THE TASK -
Should any entry hold a picture, omit that picture and copy the rest of the entry exactly.

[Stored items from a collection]

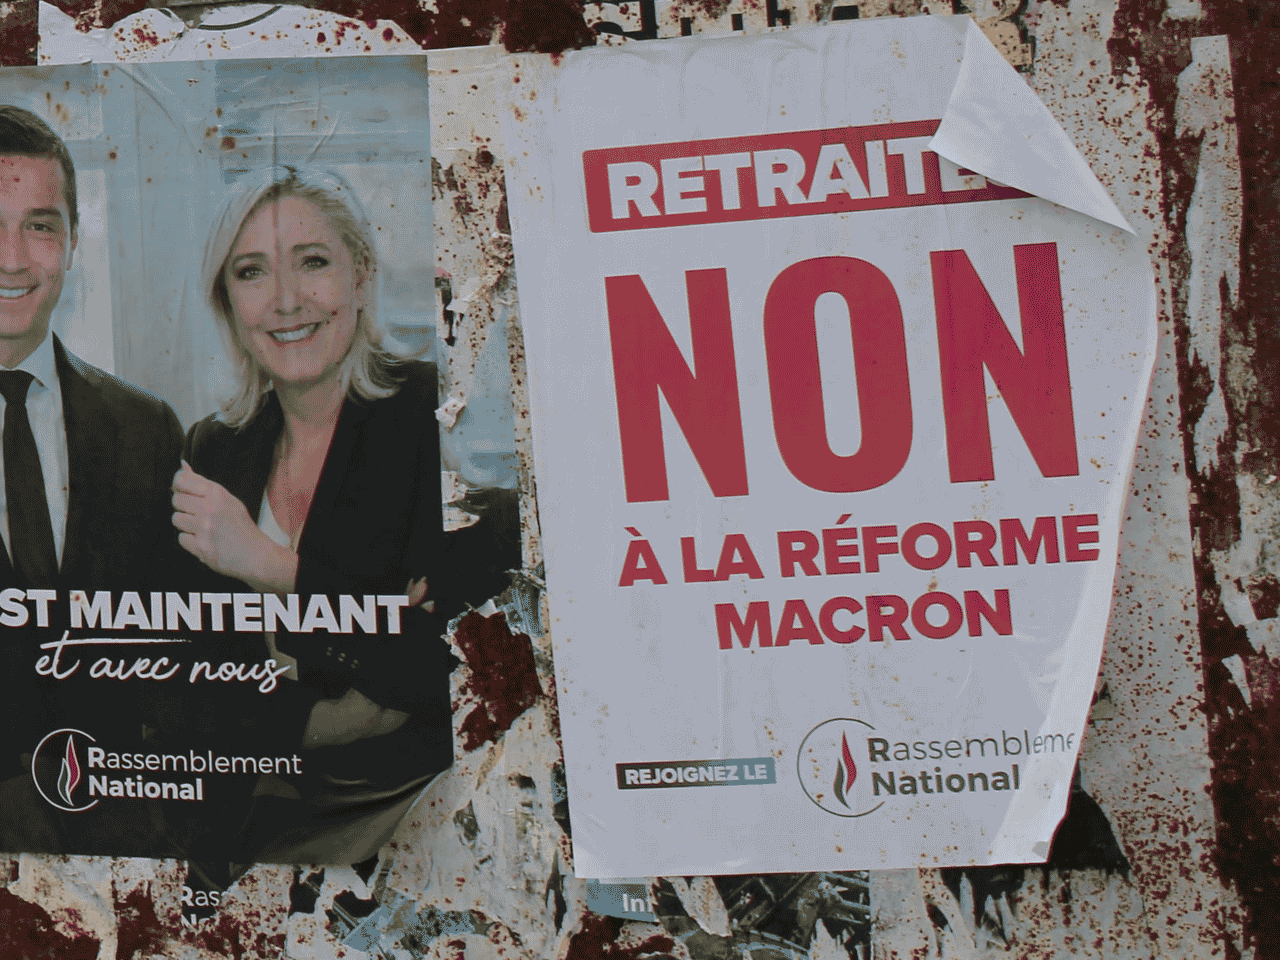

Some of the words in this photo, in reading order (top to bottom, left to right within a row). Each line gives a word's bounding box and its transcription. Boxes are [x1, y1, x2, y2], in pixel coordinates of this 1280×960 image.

[607, 136, 1010, 220] RETRAITE
[605, 242, 1080, 503] NON
[618, 527, 668, 587] À
[680, 533, 765, 584] LA
[777, 514, 1101, 580] RÉFORME
[70, 590, 409, 635] MAINTENANT
[715, 588, 1014, 650] MACRON
[35, 631, 80, 680] et
[89, 651, 180, 681] avec
[189, 651, 291, 693] nous
[87, 746, 303, 776] Rassemblement
[88, 774, 204, 801] National
[624, 765, 740, 785] REJOIGNEZ
[743, 764, 768, 781] LE
[871, 763, 1021, 797] National
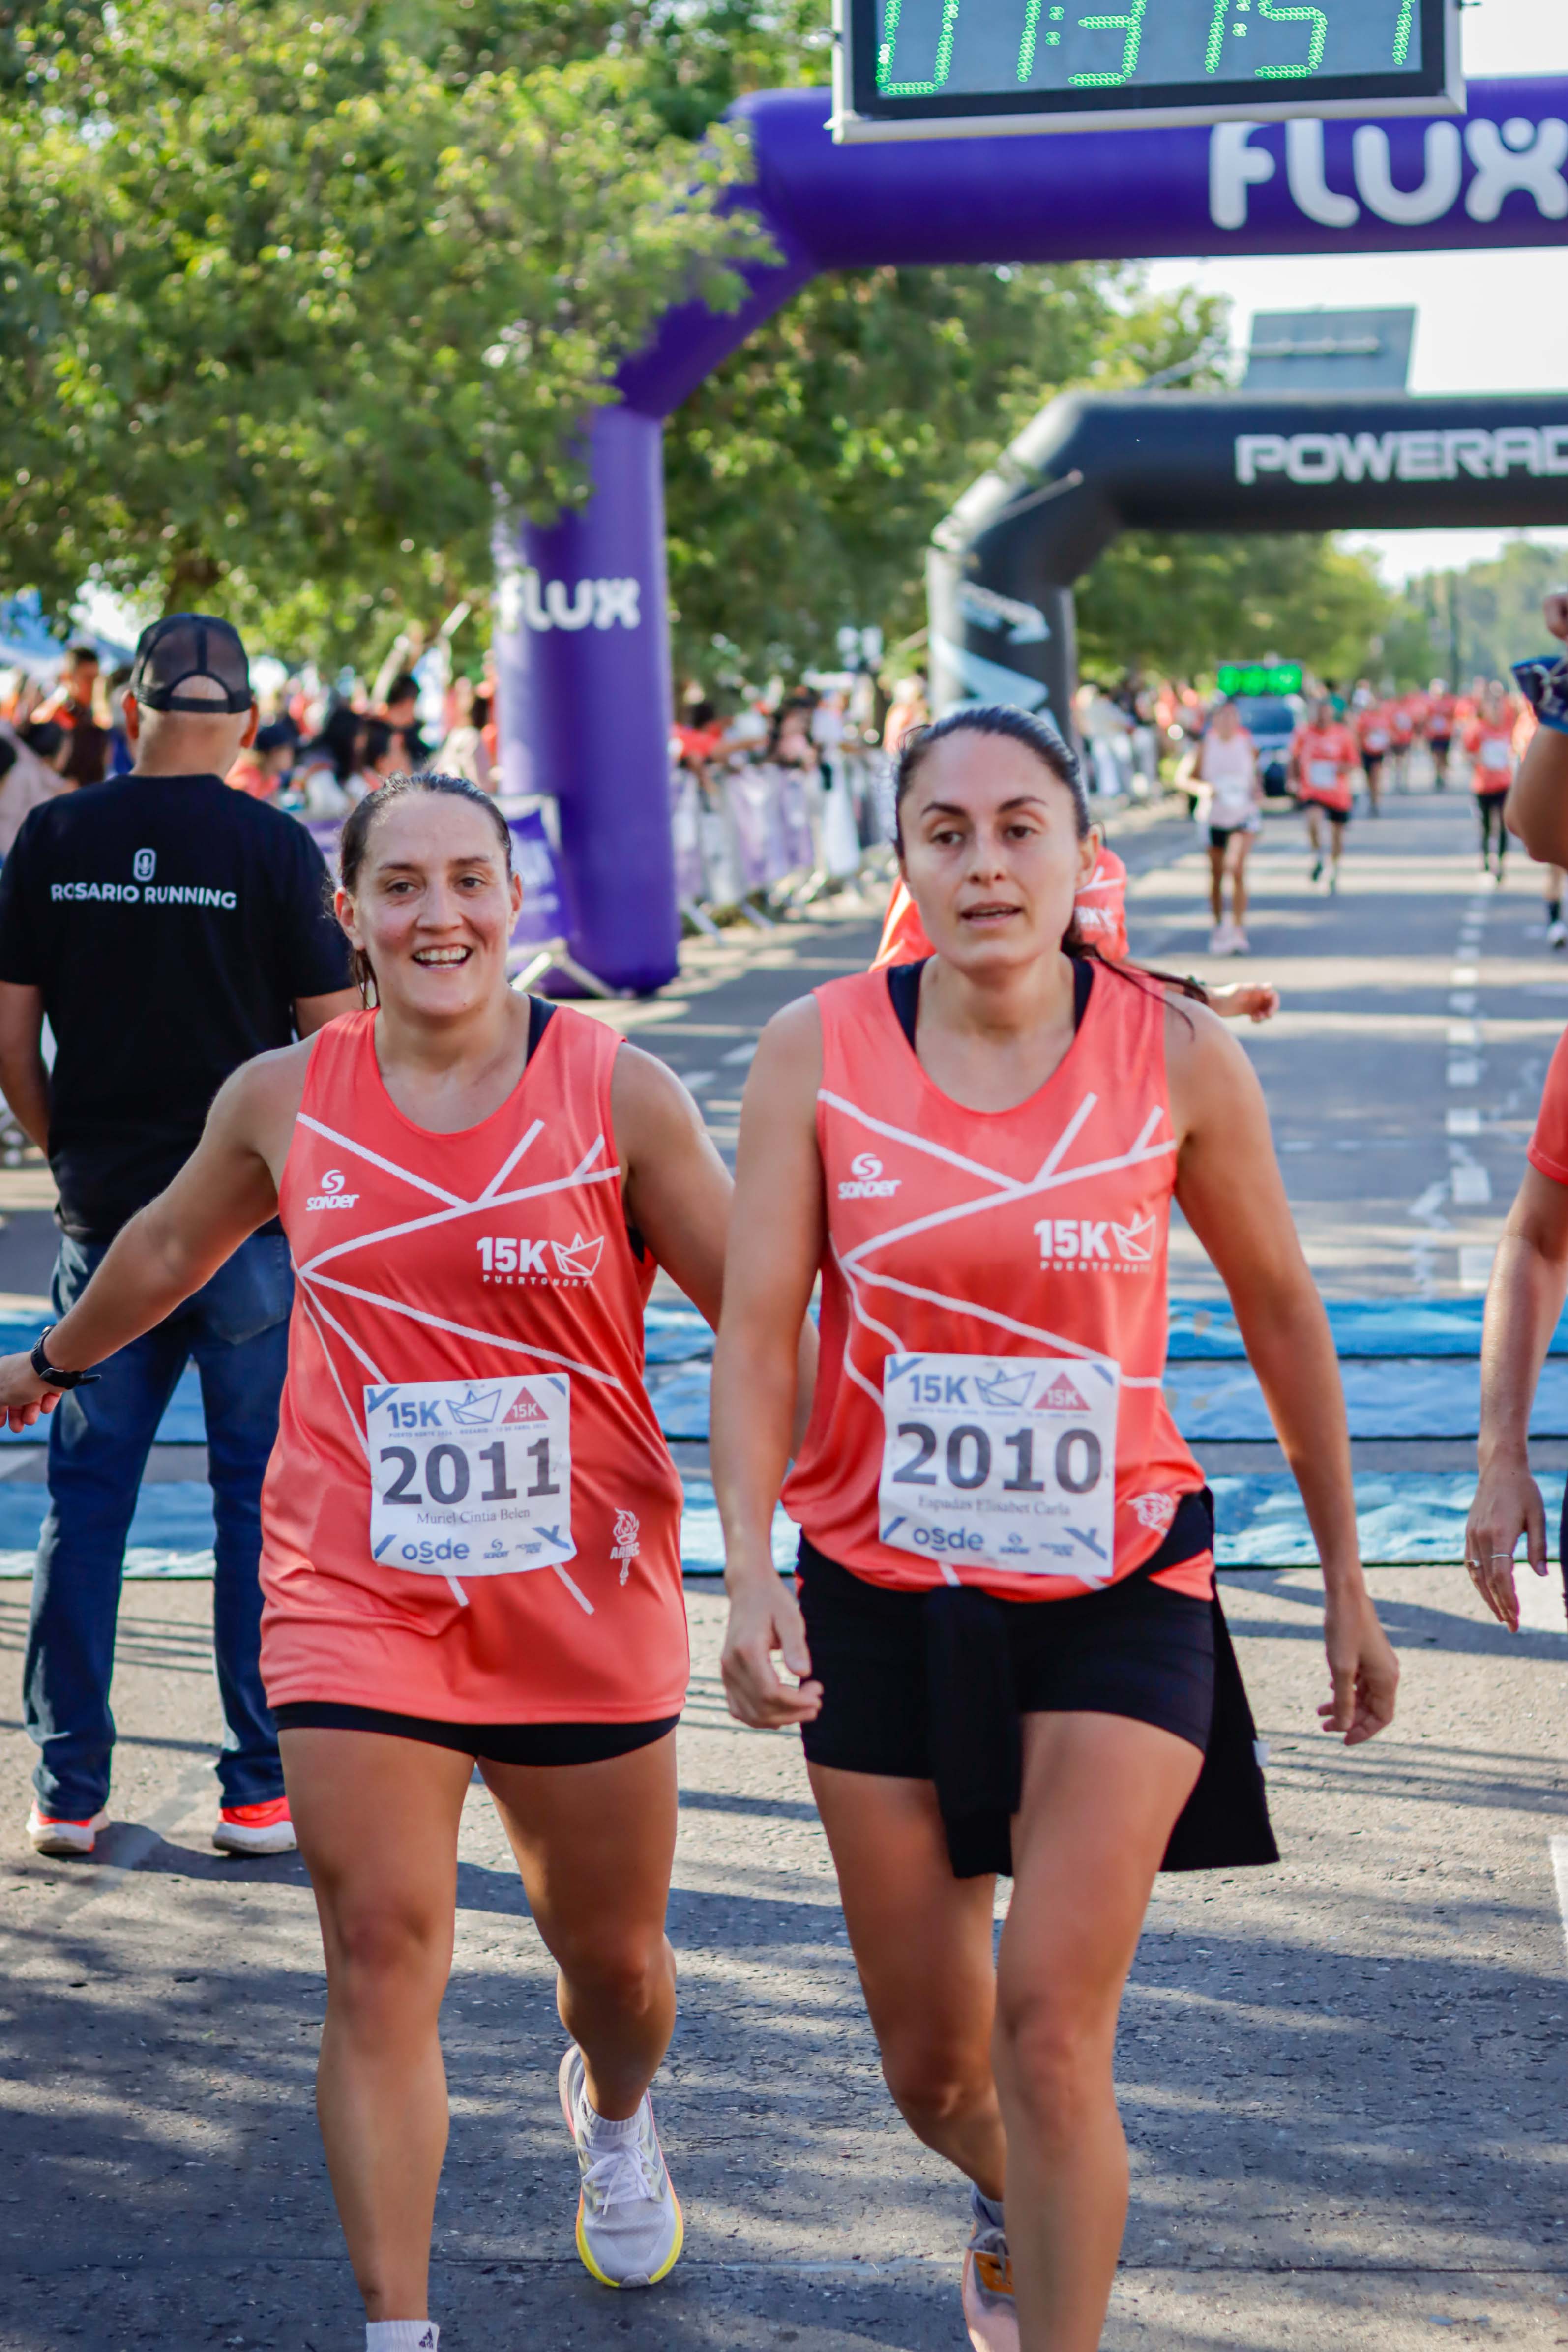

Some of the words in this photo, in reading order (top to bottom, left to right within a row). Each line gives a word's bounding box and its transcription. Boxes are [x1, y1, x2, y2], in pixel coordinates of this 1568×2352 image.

SOLUTION BELOW -
Some of the words in this photo, in reading order (top to bottom, left to right within a row). Each line gives a word's bounding box and its transcription. Boxes are [x1, y1, x2, y2], in pixel coordinates of this 1280×960 image.

[607, 136, 1010, 220] RETRAITE
[605, 242, 1080, 503] NON
[618, 527, 668, 587] À
[680, 533, 765, 584] LA
[777, 514, 1101, 580] RÉFORME
[70, 590, 409, 635] MAINTENANT
[715, 588, 1014, 650] MACRON
[35, 631, 80, 680] et
[89, 651, 180, 681] avec
[189, 651, 291, 693] nous
[87, 746, 303, 776] Rassemblement
[88, 774, 204, 801] National
[624, 765, 740, 785] REJOIGNEZ
[743, 764, 768, 781] LE
[871, 763, 1021, 797] National

Some of the words in this photo, in reading order (top to bottom, left to right within a row). Each line gives a word's bounding box and its transcription. Boxes are [x1, y1, x2, y2], in pixel coordinates of this 1568×2352 image.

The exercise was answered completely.